Work order | Below is a block of records; reproduce all of them exactly and leave out any pictures.

━━━━━ Excerpted records ━━━━━

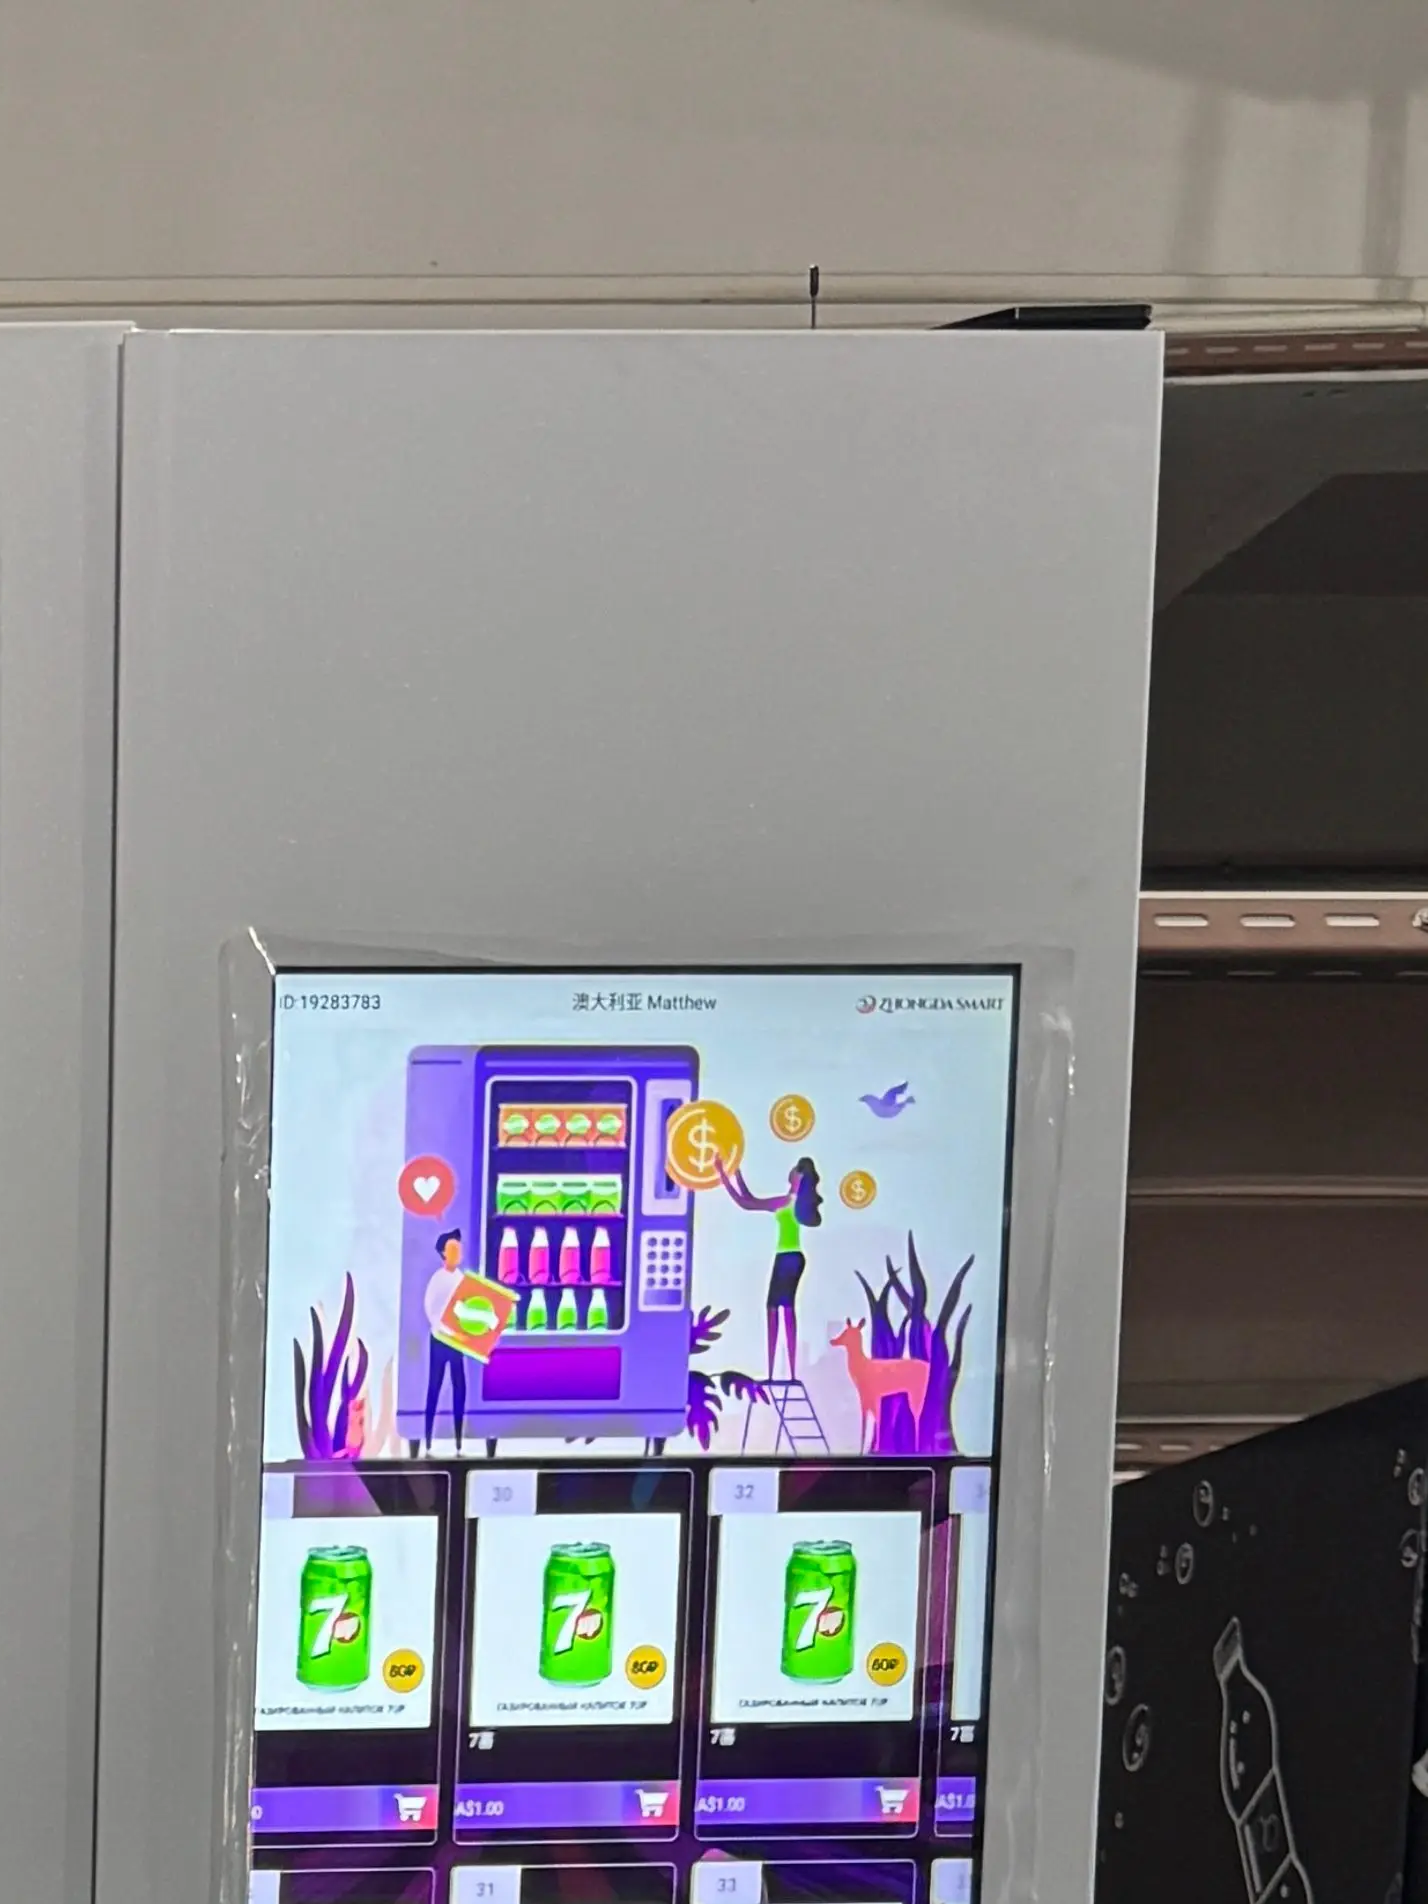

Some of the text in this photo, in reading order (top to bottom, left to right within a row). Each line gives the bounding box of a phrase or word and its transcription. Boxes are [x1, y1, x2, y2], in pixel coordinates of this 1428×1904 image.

[573, 992, 717, 1011] 澳大利亚 Matthew
[879, 997, 1004, 1012] ZHONGDA SMART
[734, 1484, 755, 1500] 32
[476, 1881, 495, 1897] 31

━━━━━

Answer to this task |
Some of the text in this photo, in reading order (top to bottom, left to right within a row). Each line gives the bounding box of a phrase or word and its transcription. Boxes are [x1, y1, x2, y2], in pixel coordinates of this 1428×1904 image.

[573, 992, 717, 1011] 澳大利亚 Matthew
[879, 997, 1004, 1012] ZHONGDA SMART
[734, 1484, 755, 1500] 32
[476, 1881, 495, 1897] 31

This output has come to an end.